PROBLEM STATEMENT: Give again the line that contains "this 1600×1200 image.", plus every line after it to the end of the records, unchanged.

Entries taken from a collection
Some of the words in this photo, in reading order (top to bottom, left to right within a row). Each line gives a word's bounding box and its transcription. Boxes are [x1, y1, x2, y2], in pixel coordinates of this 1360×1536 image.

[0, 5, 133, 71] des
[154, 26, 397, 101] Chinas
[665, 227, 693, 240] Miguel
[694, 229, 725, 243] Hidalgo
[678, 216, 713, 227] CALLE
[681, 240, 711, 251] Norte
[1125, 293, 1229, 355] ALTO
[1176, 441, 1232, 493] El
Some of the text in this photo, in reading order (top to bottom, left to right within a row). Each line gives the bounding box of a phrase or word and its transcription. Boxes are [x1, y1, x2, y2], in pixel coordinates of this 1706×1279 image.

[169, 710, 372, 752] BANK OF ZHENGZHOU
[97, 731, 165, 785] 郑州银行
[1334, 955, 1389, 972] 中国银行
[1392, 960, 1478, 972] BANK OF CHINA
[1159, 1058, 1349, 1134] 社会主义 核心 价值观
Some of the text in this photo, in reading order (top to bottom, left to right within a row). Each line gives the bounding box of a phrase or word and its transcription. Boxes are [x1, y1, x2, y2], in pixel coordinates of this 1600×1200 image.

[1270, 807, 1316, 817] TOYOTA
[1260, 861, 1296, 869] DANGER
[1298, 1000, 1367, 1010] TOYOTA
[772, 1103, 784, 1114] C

RESULT:
Some of the text in this photo, in reading order (top to bottom, left to right within a row). Each line gives the bounding box of a phrase or word and its transcription. Boxes are [x1, y1, x2, y2], in pixel coordinates of this 1600×1200 image.

[1270, 807, 1316, 817] TOYOTA
[1260, 861, 1296, 869] DANGER
[1298, 1000, 1367, 1010] TOYOTA
[772, 1103, 784, 1114] C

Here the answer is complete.